Higher temperature introduces more randomness into the predictions.

### Output Analysis:
With a low temperature, the generated text is expected to exhibit more determinism. This means that the predictions are more likely to follow a specific pattern, resulting in a more structured and less varied output.

In [None]:
print(extend_text("To be or not to be", temperature=1)) # Moderate temperature (around 1) balances randomness and predictability.

## Findings
The seed text is still "To be or not to be," but the temperature parameter is set to 1, a higher temperature value. In text generation, the temperature controls the randomness of the generated text. A high temperature leads to more diverse and random predictions.
The function uses a trained model to predict the next tokens in the sequence based on the seed text. 

### Output Analysis:
With a high temperature, the function applies a larger factor to the predicted probabilities, making the distribution more uniform and introducing more randomness. This results in the model making less deterministic and more varied choices for the next tokens by incorporating the word 'be' inside of the word 'bear'. 

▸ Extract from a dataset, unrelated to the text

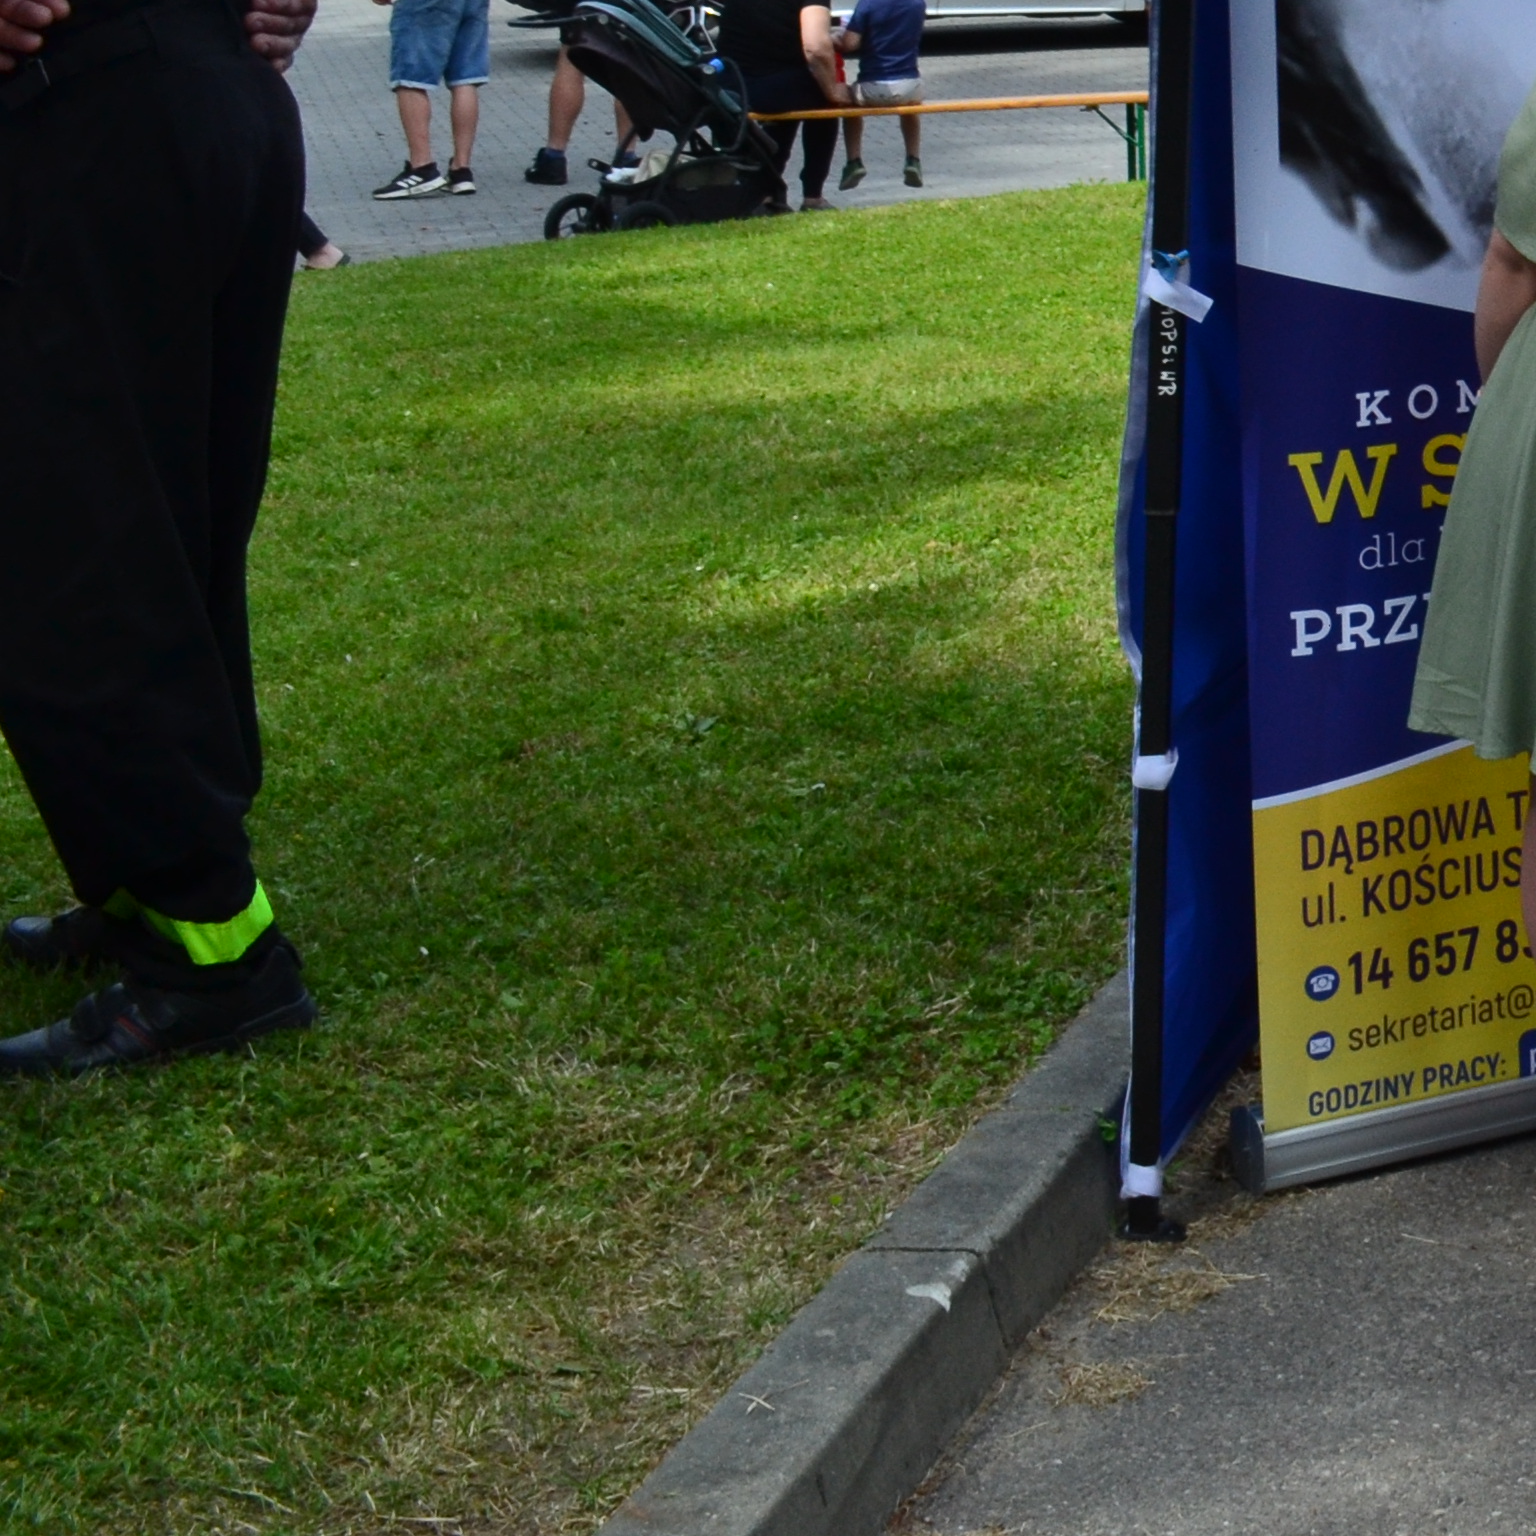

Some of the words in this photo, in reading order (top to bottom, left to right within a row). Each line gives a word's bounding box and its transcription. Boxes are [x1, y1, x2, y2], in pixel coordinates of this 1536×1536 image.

Therefore, although high temperature can result in more creative and diverse text but may sacrifice coherence and structure. The balance between temperature values allows you to control the trade-off between randomness and determinism in the generated text. 

Experimenting with different temperature settings can provide insights into the behavior of the model and help achieve the desired level of creativity or predictability in the generated text.

In [None]:
print(extend_text("To be or not to be", temperature=100)) # High temperature leads to more diverse and random predictions.

## Findings
The seed text is still "To be or not to be," but the temperature parameter is set to 100, which is a significantly higher temperature value.  A drastically higher temperature leads to extreme random predictions.

### Output Analysis:
With a high temperature, the function applies a larger factor to the predicted probabilities, making the distribution more uniform and introducing more randomness. This results in the model incomprehensible information for human readers 'To be or not to bef ,mt'&t3fpady-$
wh!nse?pws&ertj-vgerdq,!c-yje,znq' data which includes randomised punctuation and symbols. 

This emphaises high temperature sacrificing coherence and structure. The inbalance between temperature values loses control between randomness and determinism in the generated text. 

# Reflection

Firstly, building and training the model 'INVALID_ARGUMENT: You must feed a value for placeholder tensor '...' with dtype int32'occurs multiple times. The main theory to its delayed operation Model Saving/Loading Warning: untraced functions during model saving, functions in the model might not be traceable after loading. Equally errors could occur due to Input Shape Mismatch or Placeholder Name Mismatch. 

Secondly, generating text faced model architecture issues. Custom layers or operations may be defined correctly and placeholders may need explicit initialization. ultimately, I beleive its inability to function could be a product of input data mismatch. 

Input data provided to the TensorFlow model during training or inference matches the expected input shape and data type. This could be improved by inspecting the model's structure to identify the placeholder tensors mentioned in the error message: (gradients/split_2_grad/concat/split_2/split_dim, gradients/split_grad/concat/split/split_dim, gradients/split_1_grad/concat/split_1/split_dim).
in order to verify that these tensors are properly defined in this model, and their names match what the model is expecting.